Provided records =>
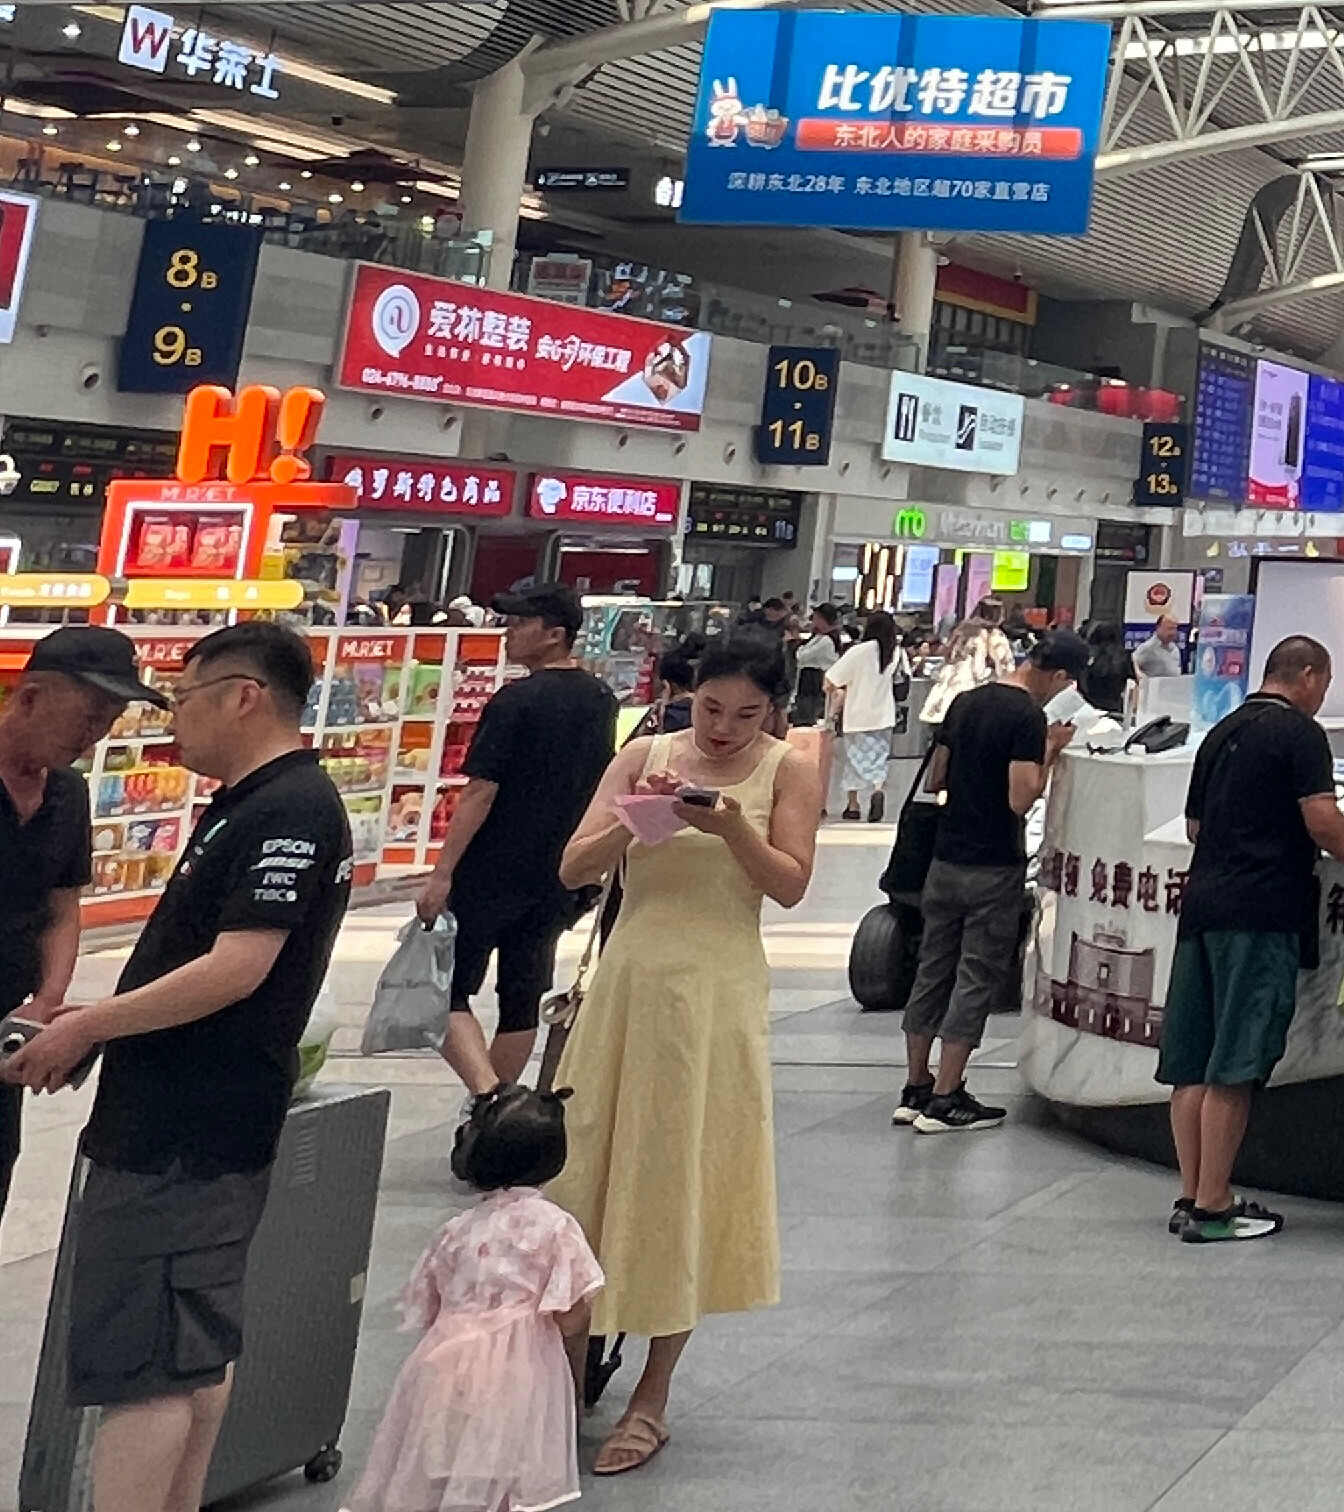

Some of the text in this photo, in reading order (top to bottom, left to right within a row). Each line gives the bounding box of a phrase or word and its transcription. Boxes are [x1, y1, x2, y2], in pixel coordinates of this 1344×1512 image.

[129, 17, 281, 100] W 华莱士
[818, 65, 1072, 120] 比优特超市
[833, 125, 1043, 155] 东北人的家庭采购员
[727, 171, 1050, 203] 深耕东北28年 东北地区超70家直营店
[165, 249, 218, 290] 8B
[152, 326, 202, 367] 9B
[774, 360, 829, 391] 10B
[768, 419, 820, 451] 11B
[570, 486, 658, 516] 京东便利店
[261, 838, 316, 856] EPSON
[1088, 856, 1191, 916] 免费电话

Task details => Only the pictures stay out; the rest of the entries above must be written out exactly.

Solution to the exercise =>
Some of the text in this photo, in reading order (top to bottom, left to right within a row). Each line gives the bounding box of a phrase or word and its transcription. Boxes are [x1, y1, x2, y2], in pixel coordinates of this 1344×1512 image.

[129, 17, 281, 100] W 华莱士
[818, 65, 1072, 120] 比优特超市
[833, 125, 1043, 155] 东北人的家庭采购员
[727, 171, 1050, 203] 深耕东北28年 东北地区超70家直营店
[165, 249, 218, 290] 8B
[152, 326, 202, 367] 9B
[774, 360, 829, 391] 10B
[768, 419, 820, 451] 11B
[570, 486, 658, 516] 京东便利店
[261, 838, 316, 856] EPSON
[1088, 856, 1191, 916] 免费电话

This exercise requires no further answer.